### Available data
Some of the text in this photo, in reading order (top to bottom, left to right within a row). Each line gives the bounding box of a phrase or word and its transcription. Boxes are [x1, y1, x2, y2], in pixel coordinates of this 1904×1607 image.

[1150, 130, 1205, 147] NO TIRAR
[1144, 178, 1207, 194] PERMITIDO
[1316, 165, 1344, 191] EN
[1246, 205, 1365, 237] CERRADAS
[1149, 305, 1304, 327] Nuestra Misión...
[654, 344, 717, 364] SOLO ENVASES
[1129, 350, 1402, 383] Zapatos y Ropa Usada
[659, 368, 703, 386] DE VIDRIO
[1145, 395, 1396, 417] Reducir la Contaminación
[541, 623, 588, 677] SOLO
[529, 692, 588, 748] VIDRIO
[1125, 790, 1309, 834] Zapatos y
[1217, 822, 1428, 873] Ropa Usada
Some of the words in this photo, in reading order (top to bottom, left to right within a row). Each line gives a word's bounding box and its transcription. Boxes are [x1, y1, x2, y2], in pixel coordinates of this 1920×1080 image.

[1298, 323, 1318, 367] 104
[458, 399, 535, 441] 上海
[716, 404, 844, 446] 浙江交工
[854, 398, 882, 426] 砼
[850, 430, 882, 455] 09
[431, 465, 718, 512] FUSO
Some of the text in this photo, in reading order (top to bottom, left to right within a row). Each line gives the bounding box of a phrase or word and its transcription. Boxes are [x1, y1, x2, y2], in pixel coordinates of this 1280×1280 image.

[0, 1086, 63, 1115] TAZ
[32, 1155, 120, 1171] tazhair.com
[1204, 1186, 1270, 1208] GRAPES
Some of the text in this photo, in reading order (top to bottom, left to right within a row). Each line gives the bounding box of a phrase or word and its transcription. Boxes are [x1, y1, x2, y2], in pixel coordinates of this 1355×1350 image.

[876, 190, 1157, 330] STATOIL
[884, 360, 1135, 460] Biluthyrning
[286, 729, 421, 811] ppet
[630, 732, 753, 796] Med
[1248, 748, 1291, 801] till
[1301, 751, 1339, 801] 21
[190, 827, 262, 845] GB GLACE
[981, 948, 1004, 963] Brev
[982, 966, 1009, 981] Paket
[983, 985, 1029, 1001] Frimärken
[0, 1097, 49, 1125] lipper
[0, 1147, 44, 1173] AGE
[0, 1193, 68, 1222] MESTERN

### Problem to solve
Every entry above needs to be duplicated exactly.

### Finished exercise
Some of the text in this photo, in reading order (top to bottom, left to right within a row). Each line gives the bounding box of a phrase or word and its transcription. Boxes are [x1, y1, x2, y2], in pixel coordinates of this 1904×1607 image.

[1150, 130, 1205, 147] NO TIRAR
[1144, 178, 1207, 194] PERMITIDO
[1316, 165, 1344, 191] EN
[1246, 205, 1365, 237] CERRADAS
[1149, 305, 1304, 327] Nuestra Misión...
[654, 344, 717, 364] SOLO ENVASES
[1129, 350, 1402, 383] Zapatos y Ropa Usada
[659, 368, 703, 386] DE VIDRIO
[1145, 395, 1396, 417] Reducir la Contaminación
[541, 623, 588, 677] SOLO
[529, 692, 588, 748] VIDRIO
[1125, 790, 1309, 834] Zapatos y
[1217, 822, 1428, 873] Ropa Usada
Some of the words in this photo, in reading order (top to bottom, left to right within a row). Each line gives a word's bounding box and its transcription. Boxes are [x1, y1, x2, y2], in pixel coordinates of this 1920×1080 image.

[1298, 323, 1318, 367] 104
[458, 399, 535, 441] 上海
[716, 404, 844, 446] 浙江交工
[854, 398, 882, 426] 砼
[850, 430, 882, 455] 09
[431, 465, 718, 512] FUSO
Some of the text in this photo, in reading order (top to bottom, left to right within a row). Each line gives the bounding box of a phrase or word and its transcription. Boxes are [x1, y1, x2, y2], in pixel coordinates of this 1280×1280 image.

[0, 1086, 63, 1115] TAZ
[32, 1155, 120, 1171] tazhair.com
[1204, 1186, 1270, 1208] GRAPES
Some of the text in this photo, in reading order (top to bottom, left to right within a row). Each line gives the bounding box of a phrase or word and its transcription. Boxes are [x1, y1, x2, y2], in pixel coordinates of this 1355×1350 image.

[876, 190, 1157, 330] STATOIL
[884, 360, 1135, 460] Biluthyrning
[286, 729, 421, 811] ppet
[630, 732, 753, 796] Med
[1248, 748, 1291, 801] till
[1301, 751, 1339, 801] 21
[190, 827, 262, 845] GB GLACE
[981, 948, 1004, 963] Brev
[982, 966, 1009, 981] Paket
[983, 985, 1029, 1001] Frimärken
[0, 1097, 49, 1125] lipper
[0, 1147, 44, 1173] AGE
[0, 1193, 68, 1222] MESTERN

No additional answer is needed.